The Vicar Writes Stephen Tucker

There are, as far as I know, few great novels which explore the experience of bereavement if you know of any I would be glad to hear about them. The one which I find most truthful and moving, is Susan Hill’s In the Springtime of the Year. It concerns the death of a young forester and his wife’s coming to terms with her grief and widowhood. It is not explicitly religious but it resonates with Christian faith in a profound and subtle way.

The first half of the novel explores her anger and deliberate self isolation as she cuts herself off from her neighbours in the village; but then something changes with the spring and the preparations for Easter when all the graves in the churchyard are decked with flowers on Holy Saturday. That morning she had enjoyed food again for the first time. She felt she had never eaten food before. It was a new gift, everything was a gift, and what she knew above all else, was that she must take it, take it and be glad, not only for her own sake but for Ben’s. That was what he had been waiting for, and wanting.’ On Easter day she goes to church for the first time since Ben’s funeral. She becomes aware not just of the other village people there but of all those who had ever prayed there; the air was crammed and vibrating with their goodness and the freedom and power of their resurrection, and she felt herself to be part of some great, living and growing tapestry, every thread of which joined with and crossed and belonged to every other, though each one was entirely and distinctly itself.’ She wonders if she is going out of her mind. And yet the flowers and the people and the hymns are real and living and beautiful and give her the determination to put aside her self pity and be well. She longs to share her new feelings with the other villagers but her previous behaviour has made them suspicious and uneasy in her presence. They move away, and she finds herself alone again as if nothing has changed after all. But she knows that the fault is not in the world but in herself. She goes home feeling utterly confused and falls asleep on the grass under the sun. She dozed and remembered the flowers in the churchyard, and seemed to be on the brink of some very simple, very great truth which would explain everything about her own life and about Ben’s, and about his death and all the life and death of the universe.’ When she wakes the confusion and fear seem to have gone. Somehow, somehow she might yet save herself.

No.

She stood up slowly. Something else had fallen into place. She had no power to save herself. And that was the meaning of Friday, and today. Nothing she herself had thought of or done or felt since the day of Ben’s death had any significance, for feelings were not truth.’
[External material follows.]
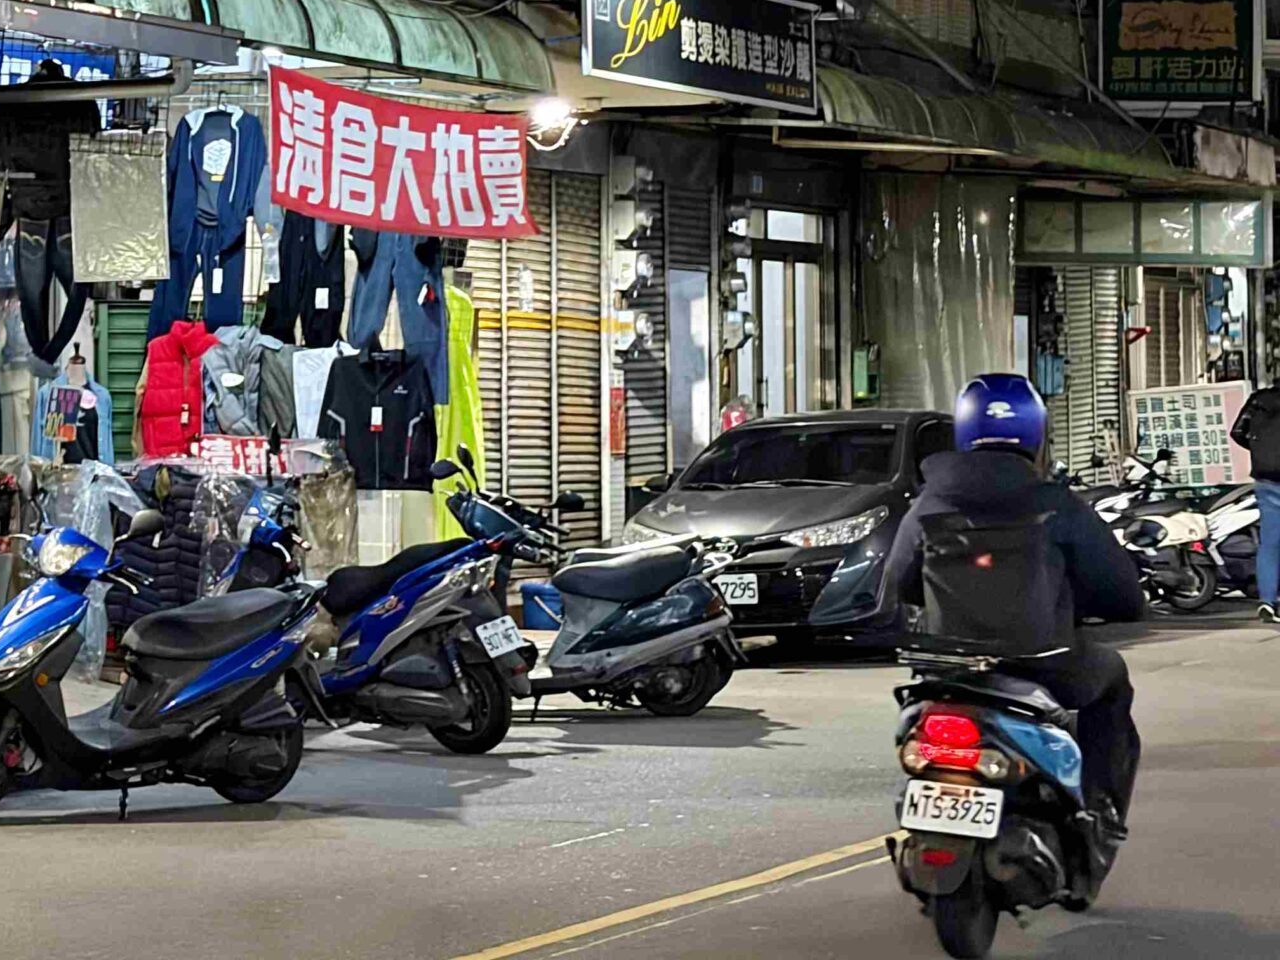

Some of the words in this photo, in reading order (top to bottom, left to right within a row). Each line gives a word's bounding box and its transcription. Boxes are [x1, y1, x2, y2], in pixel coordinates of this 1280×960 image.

[277, 80, 528, 229] 清倉大拍賣
Gradually Ruth gathers the courage to go and talk to the man who was with Ben when he died as a result of a rotten tree breaking off and falling on him. She asks him the question which in her grief she has so far been incapable of asking, ‘What actually happened?” Her husband’s friend replies;

I sat by him. Just sat on the ground. On my own with him. It… I’ve never known it like that. I’ve never been with death before, seen it come over a man and take him. I’ve been with it often enough. But I’ve never felt the same. What was true, what was true about it, once and for good. I couldn’t doubt the truth after that. After sitting with him there in the wood. Touching him. It was death and – and life. I’d never doubt that now. Never. It was inside me and all around. And him. A change…… some great change.’

And so the process of her grieving moves on. She helps the young curate and his wife as they mourn the death of their three year old daughter. She sees in them some of the same emotions she has gone through. She goes to see the dead child she had not wanted to see Ben’s dead body. All she can do is be with the parents and in some way help to carry their grief by simply being there. Talking to the curate she finds herself struggling with his loss of faith and loss of meaning in life. All she can say is Sometimes I seem to understand.’
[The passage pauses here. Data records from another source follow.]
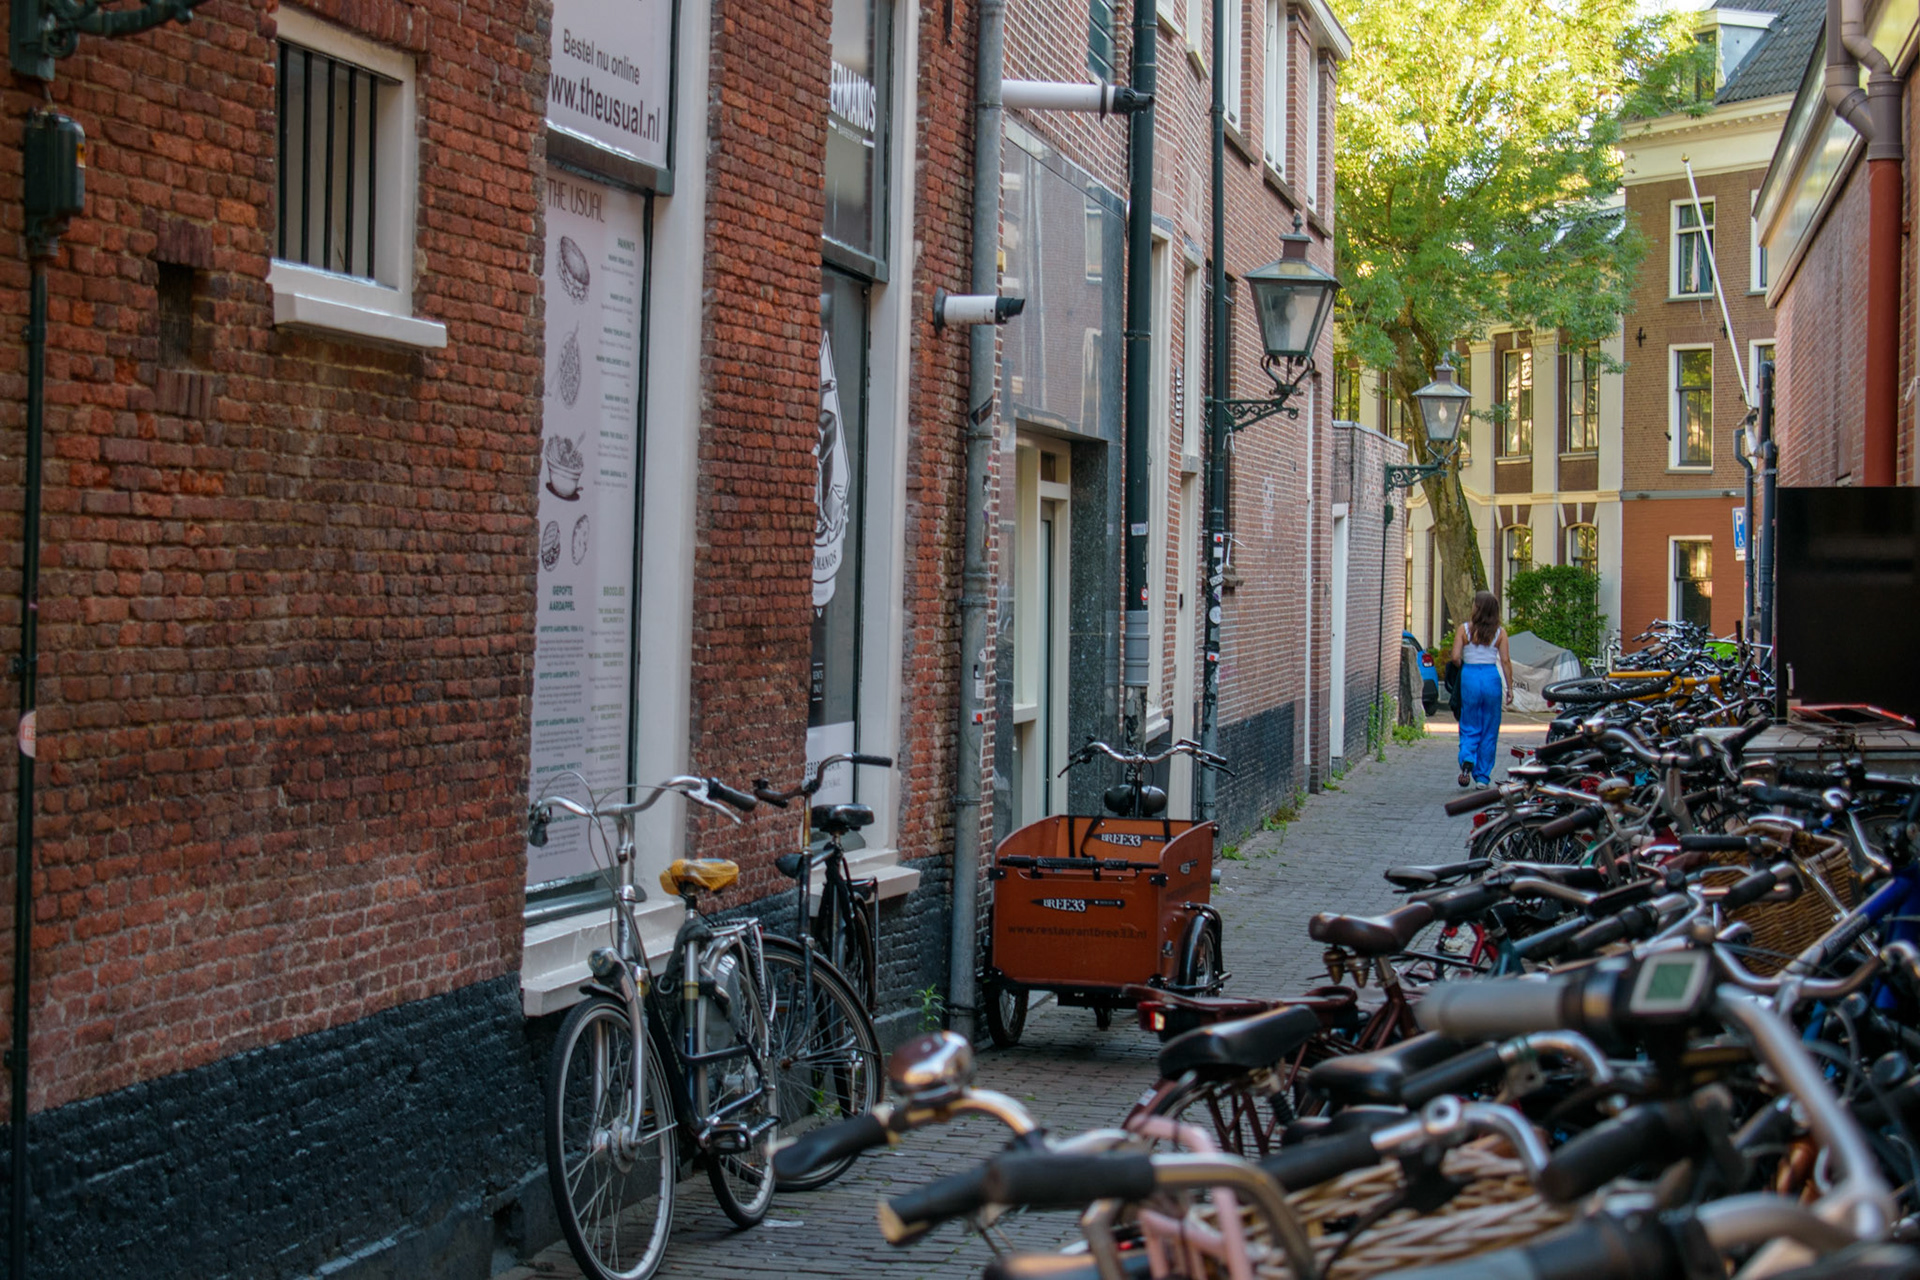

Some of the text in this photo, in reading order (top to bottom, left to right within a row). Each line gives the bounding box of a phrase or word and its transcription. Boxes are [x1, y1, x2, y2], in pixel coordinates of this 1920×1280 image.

[563, 28, 640, 86] Bestel nu online
[548, 72, 660, 143] ww.theusual.nl
[829, 60, 877, 133] ERMANOS
[546, 177, 606, 224] THE USUAL
[1735, 511, 1744, 533] P
[1101, 833, 1142, 848] BREE33
[1043, 898, 1087, 913] BREE33
Then her sister in law the spoilt daughter of her family who has always resented Ruth comes to her house. She is unmarried yet pregnant and has come to Ruth for shelter from her own family. And so Ruth goes to Ben’s family to try to bring about reconciliation; she tries to talk to them in a new way nothing dramatic happens but life moves on and slowly one senses things will change, building on small ways on the changes that are gradually taking place in Ruth.
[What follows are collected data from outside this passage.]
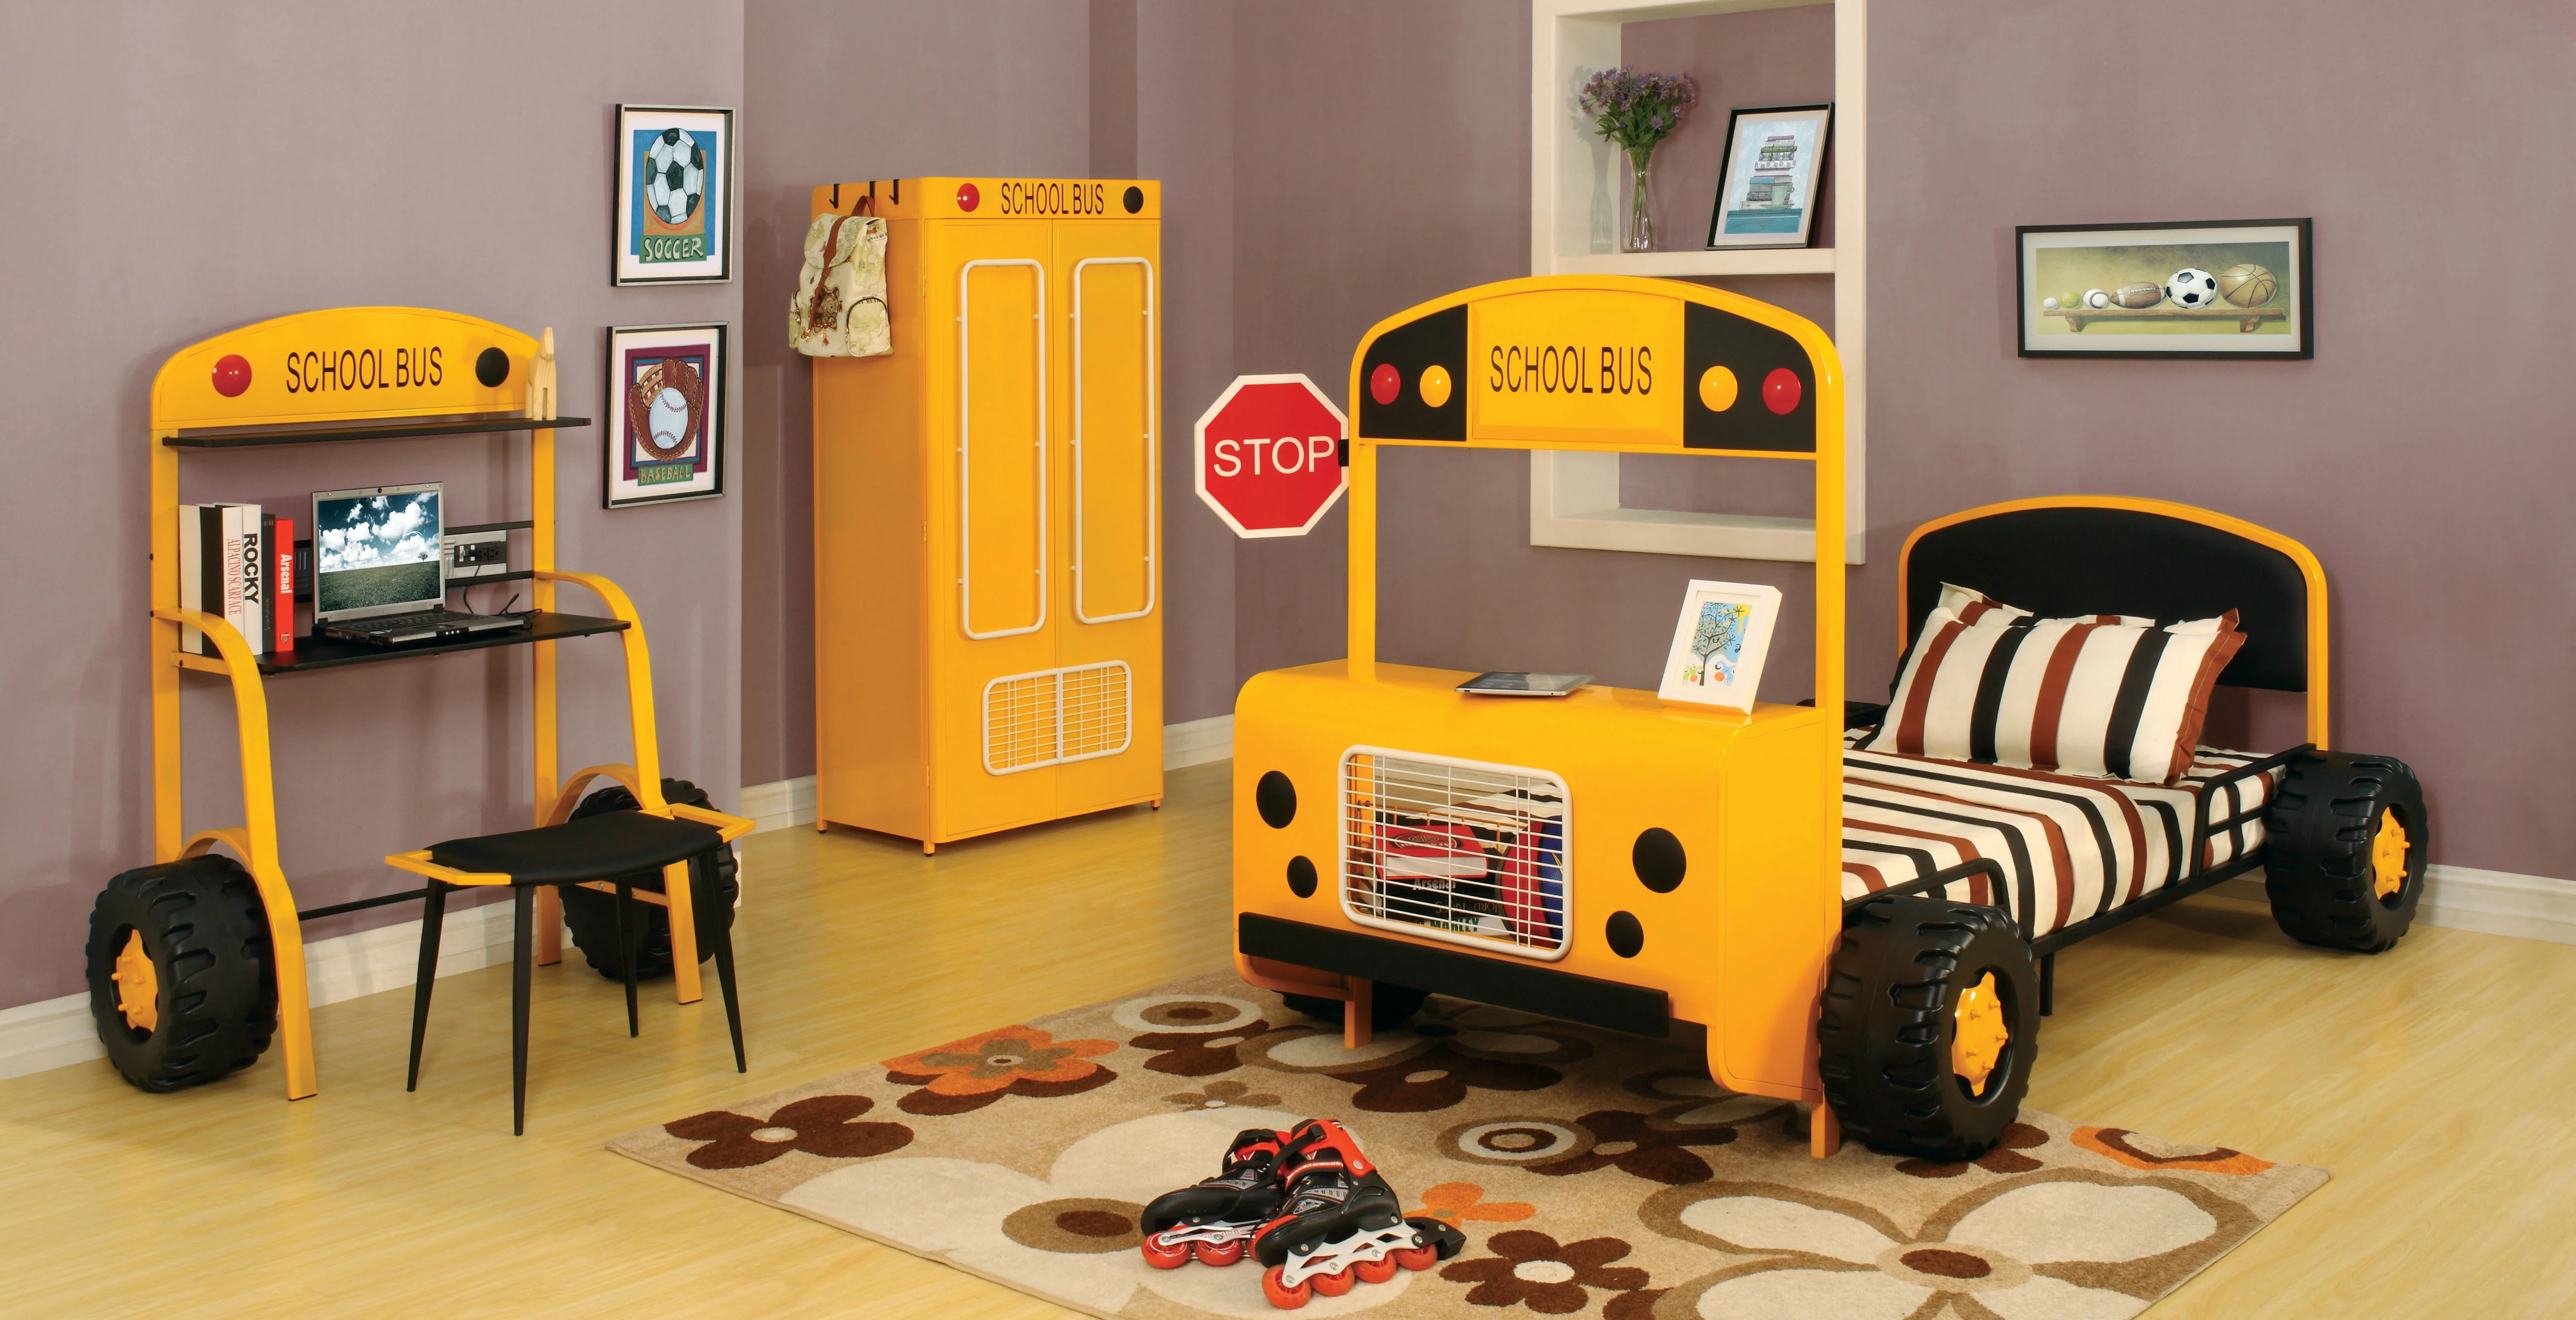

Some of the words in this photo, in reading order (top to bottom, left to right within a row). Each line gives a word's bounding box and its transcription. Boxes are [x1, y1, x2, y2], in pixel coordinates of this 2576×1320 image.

[1001, 182, 1069, 214] SCHOOL
[1073, 183, 1104, 215] BUS
[644, 237, 704, 262] SOCCER
[286, 349, 390, 393] SCHOOL
[396, 346, 442, 388] BUS
[1490, 345, 1593, 393] SCHOOL
[1601, 346, 1652, 395] BUS
[640, 465, 691, 483] BASEBALL
[1213, 435, 1335, 477] STOP
[244, 533, 259, 605] ROCKY
[280, 553, 292, 594] Arsenal
[228, 577, 242, 615] SCARFACE
Why spend so much time describing this novel as we approach Easter? Because it makes sense but in a disguised way of the Easter message. There are words and phrases that echo the gospel but hardly so that you would notice. What we see is in Eliot’s words, the hint half guessed, the gift half understood,’ a moving from isolation into a deeper sense of common humanity, a belief in the possibility of change but a recognition that we have to trust in the power of something outside ourselves to bring about that change, something which is beyond the realm of feelings which may deceive us, but which relies on a holy intuition that puts us in relation to others in need. It is there inside us and around us, a change some great change. If Christ is risen, then we are risen.